A colleague has compared reading chapter seven, which lays within the analytical part of this study (although differing from the analytical chapters before), to a roller coaster ride. Adding that, after riding this roller coaster, he would go straight to line up for yet another ride, and then another. This chapter [30] begins with the statement that it is not a chapter after all, but a “text” following Roland Barthes’ concepts of a text. Next, I engage in a brief reflection on creating. I follow that by an introduction to how key concepts, such as time and space, are crucial components to site-specific and participatory artwork. Then I discuss terminologies used in site-sensitive and participatory art, such as space vs. place, or site, which is followed by an introduction of the concept of “Niemandsland”13 as the place the chapter is written from and within. Following this, I discuss the contribution the participatory art project Of Women made to this study and can make to discussing the value that artistic and embodied knowledge production processes have for research that aims to include diverse populations and voices. This chapter discusses Of Women in communication to two additional participatory projects conducted by others within the timeframe of this study. That section is followed by a short conclusion.

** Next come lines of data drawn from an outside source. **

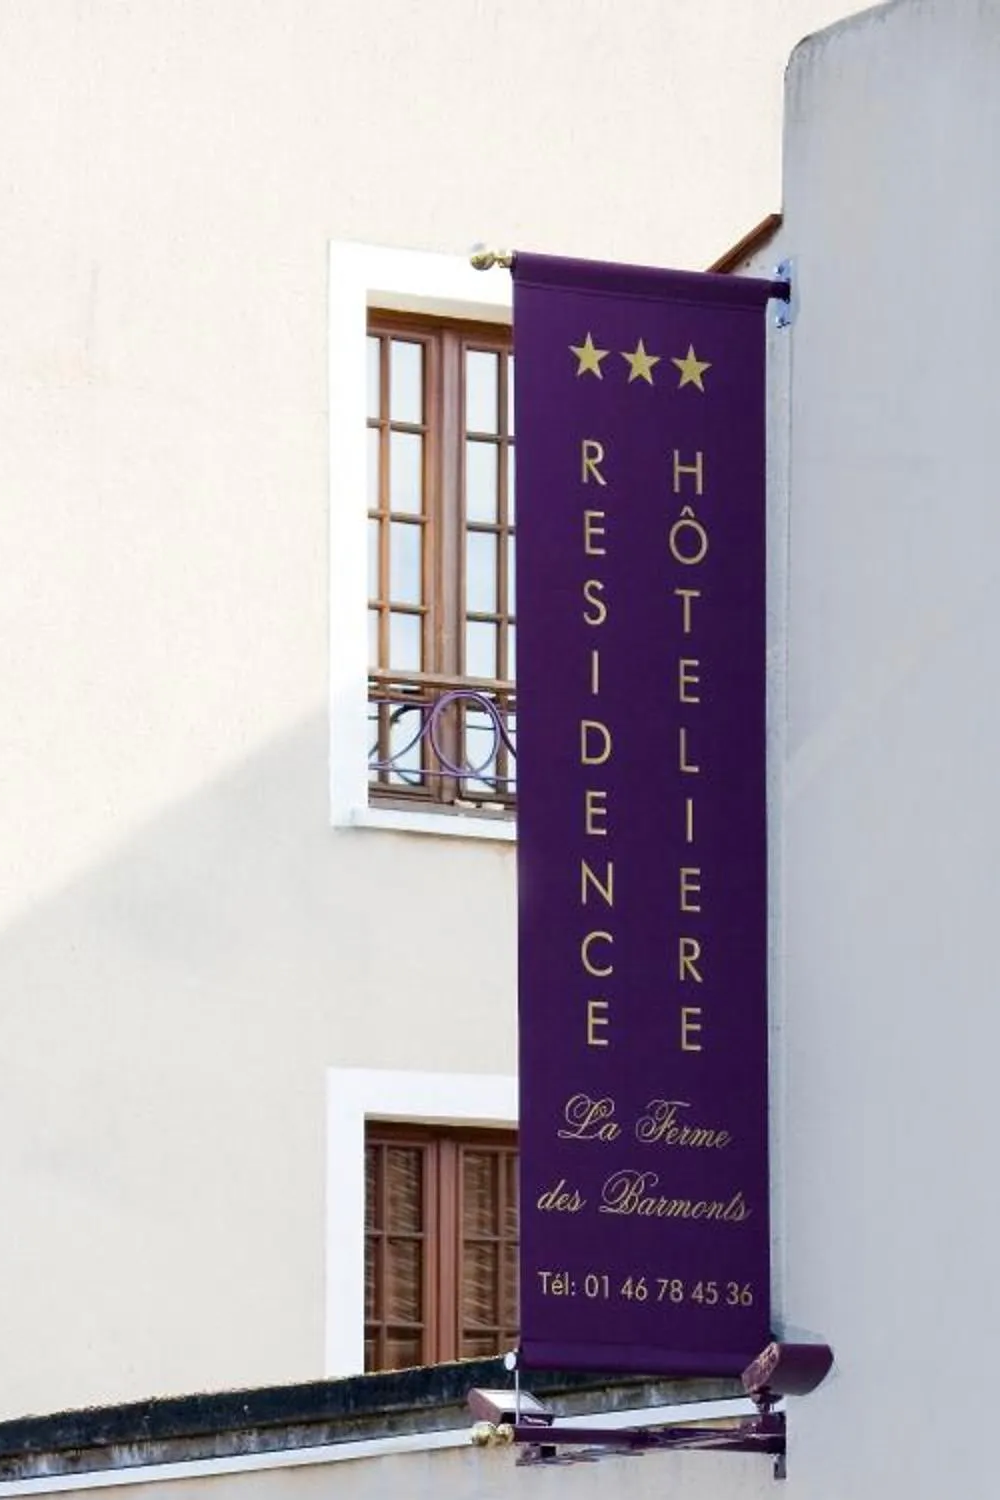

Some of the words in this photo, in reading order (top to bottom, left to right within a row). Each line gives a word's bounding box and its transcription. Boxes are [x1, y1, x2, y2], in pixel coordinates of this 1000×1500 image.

[579, 438, 616, 1046] RESIDENCE
[668, 448, 709, 1052] HÔTELIERE
[557, 1094, 621, 1141] La
[635, 1099, 732, 1149] Ferme
[537, 1179, 587, 1213] des
[599, 1169, 750, 1222] Barmonts
[537, 1271, 576, 1297] Tél:
[585, 1275, 610, 1298] 01
[621, 1277, 648, 1301] 46
[657, 1279, 684, 1303] 78
[691, 1281, 718, 1305] 45
[726, 1283, 753, 1306] 36

Lastly, the study ends with a chapter called “Showdown.” I borrow this term from poker, a game I don’t play. In doing so, I play with taking authority away from me as the writer of this study and handing it over to people who engage in the field and will lead it in the future. Showdown in poker refers to the requirement at the end of a round of poker for all remaining players to be obliged to show their cards in order to determine which is the strongest hand. The showdown is the end and its purpose is for the winner to appear. Thus, having started this study with a prologue that invited readers behind the curtain in order to see, again at the end of the study, I use a term that refers to visibility. Furthermore, the term showdown acknowledges that at least given the experiences I gathered throughout this study while wearing so many different hats: as bioethics expert for the European Commission, as artist, as writer and colleague, as mother, as researcher, and as first-generation PhD student, in this game (biomedicine and RGTs ) there are some that win, and some that lose.

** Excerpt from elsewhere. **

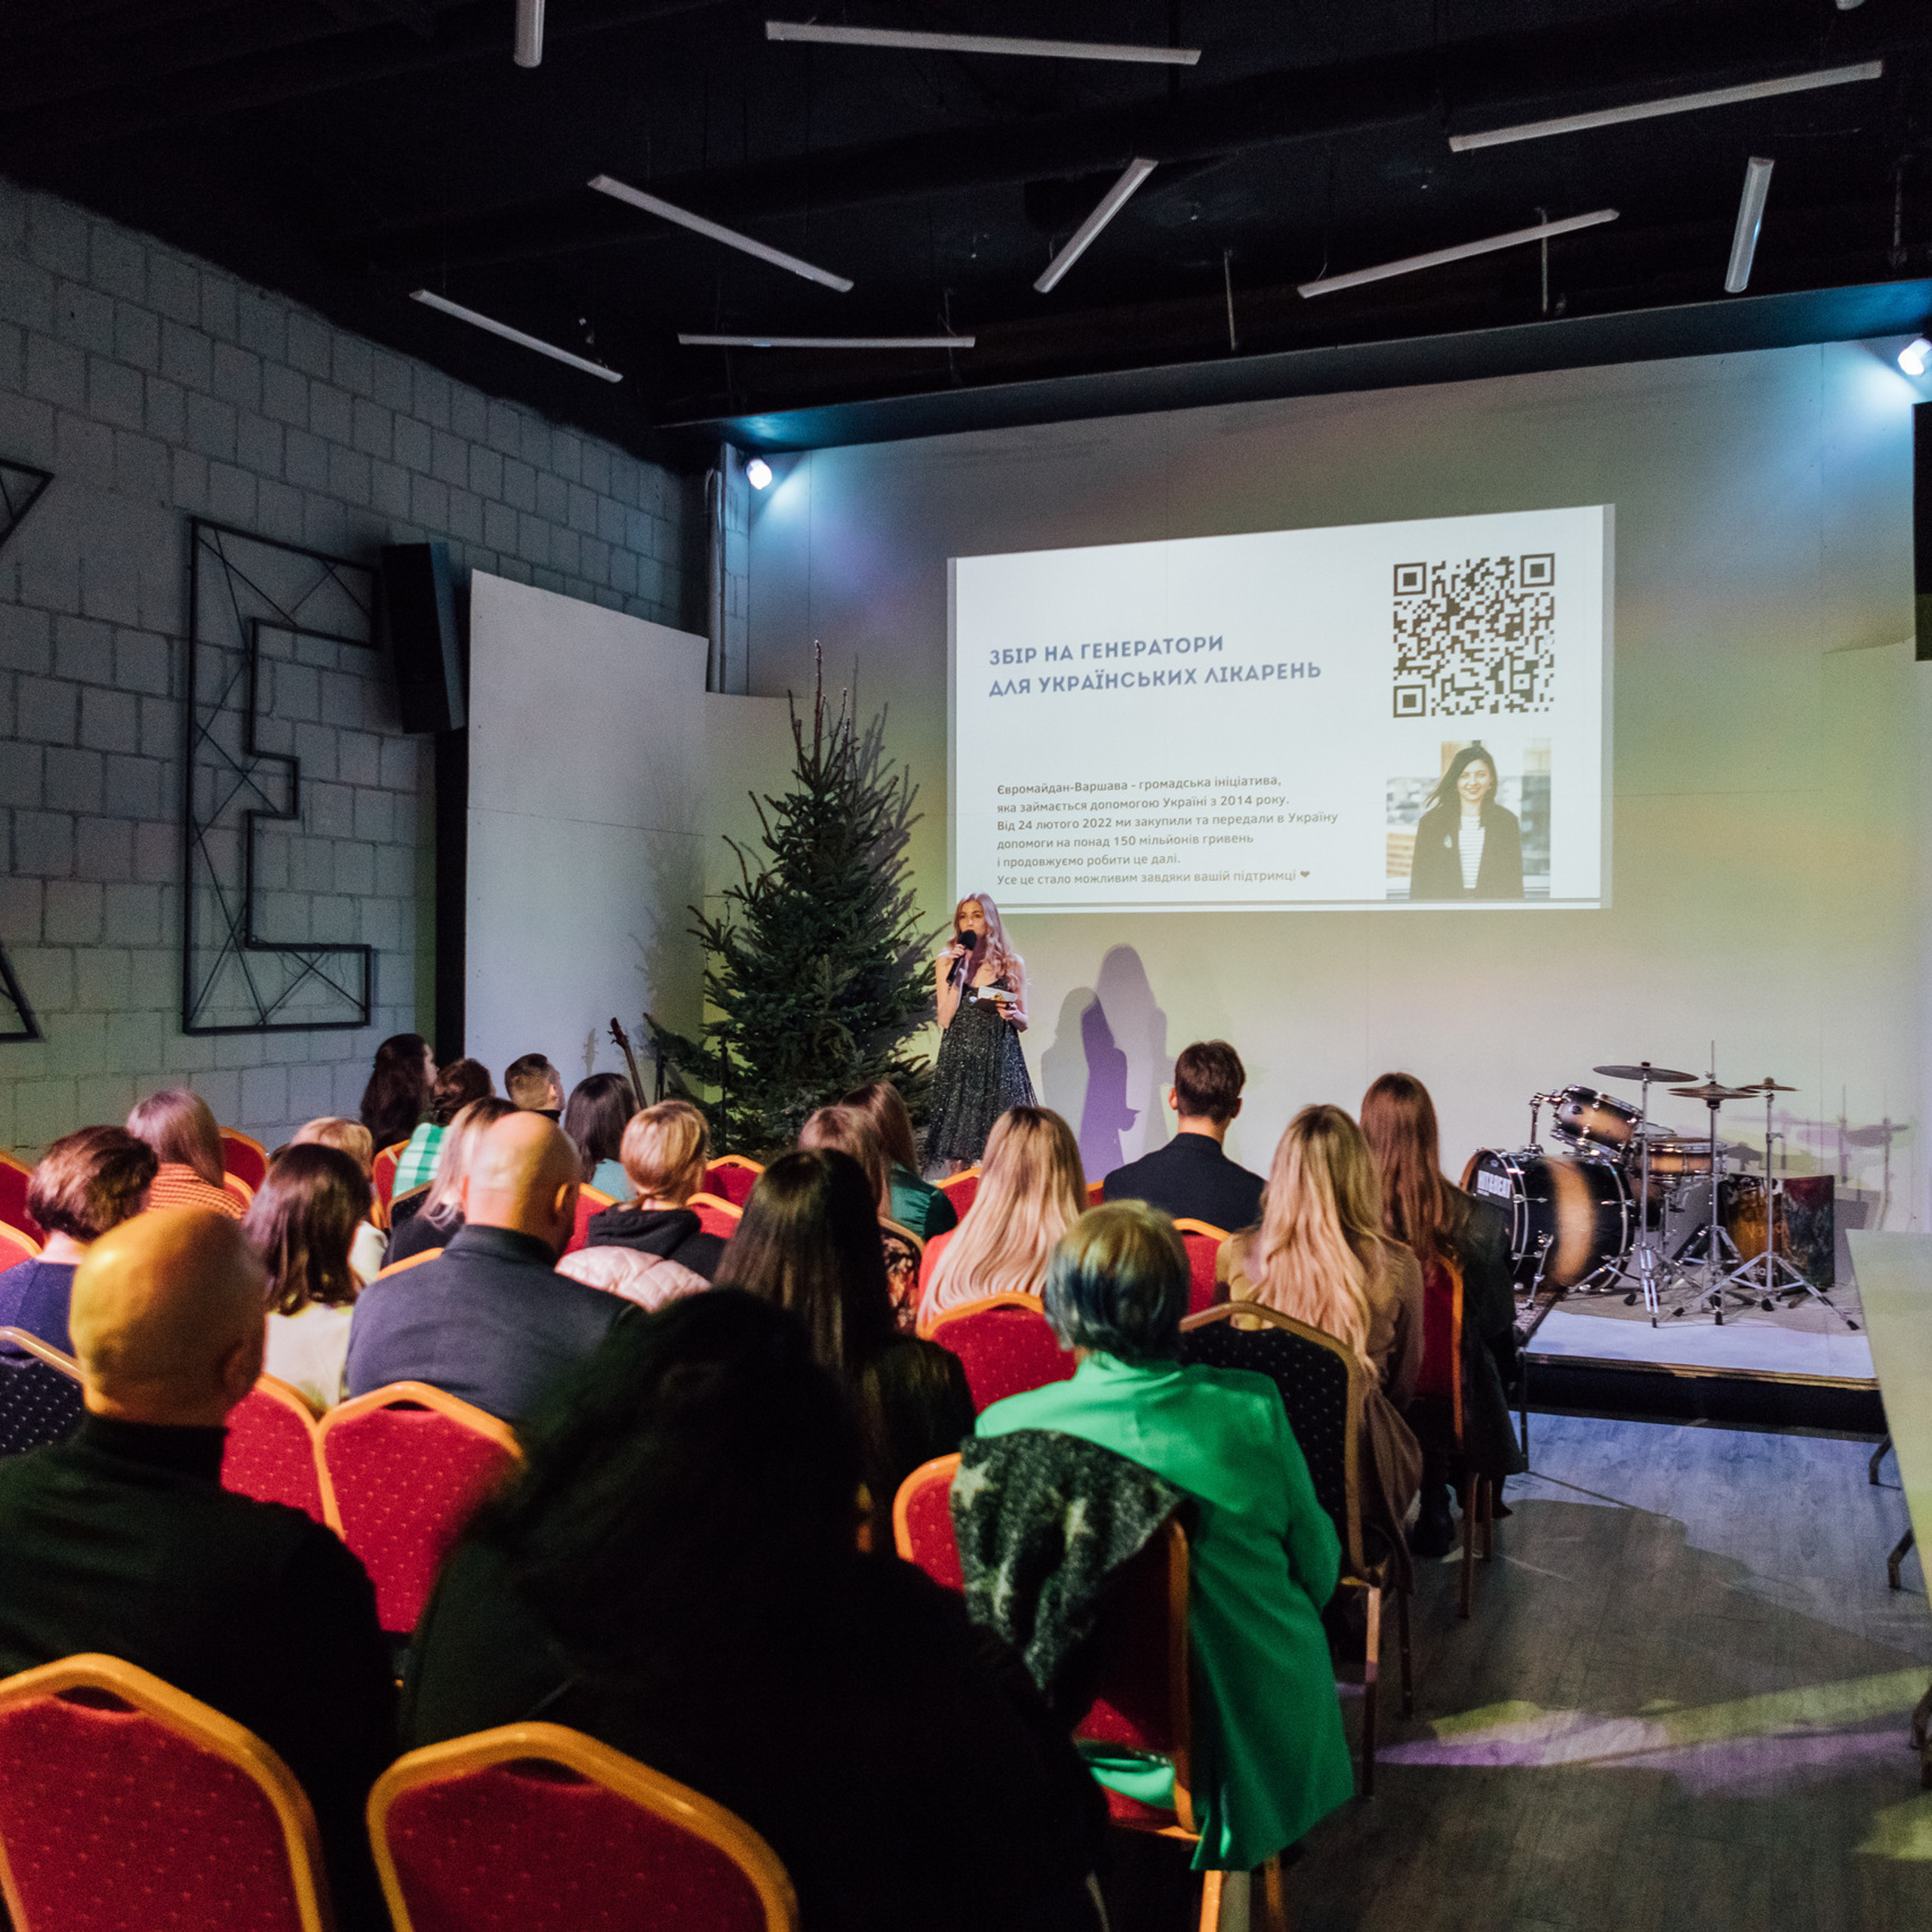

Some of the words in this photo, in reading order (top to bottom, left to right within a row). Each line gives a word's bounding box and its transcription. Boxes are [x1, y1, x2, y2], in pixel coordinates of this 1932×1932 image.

Who is who, is intersectional to other historical and contemporary factors, for people and countries alike. This last chapter provides exercises for readers and for education/teaching in the field of RGTs and biomedical practice that wishes to include and activate notions of the Leib as addressed in this study. With this last chapter, I am leaving the field of my research. In doing so, I turn linear time, as it should apply to a PhD student’s life, upside down. This study does not mark the beginning of my academic commitment to and expertise in the field; it marks the end of my engagement. I’ve published and spoken, I’ve created and cried, I’ve listened and written, I’ve taught and thought. This is the showdown; I am providing vocabulary and pedagogical tools and with that I am leaving traces in the future of the research field this study engages.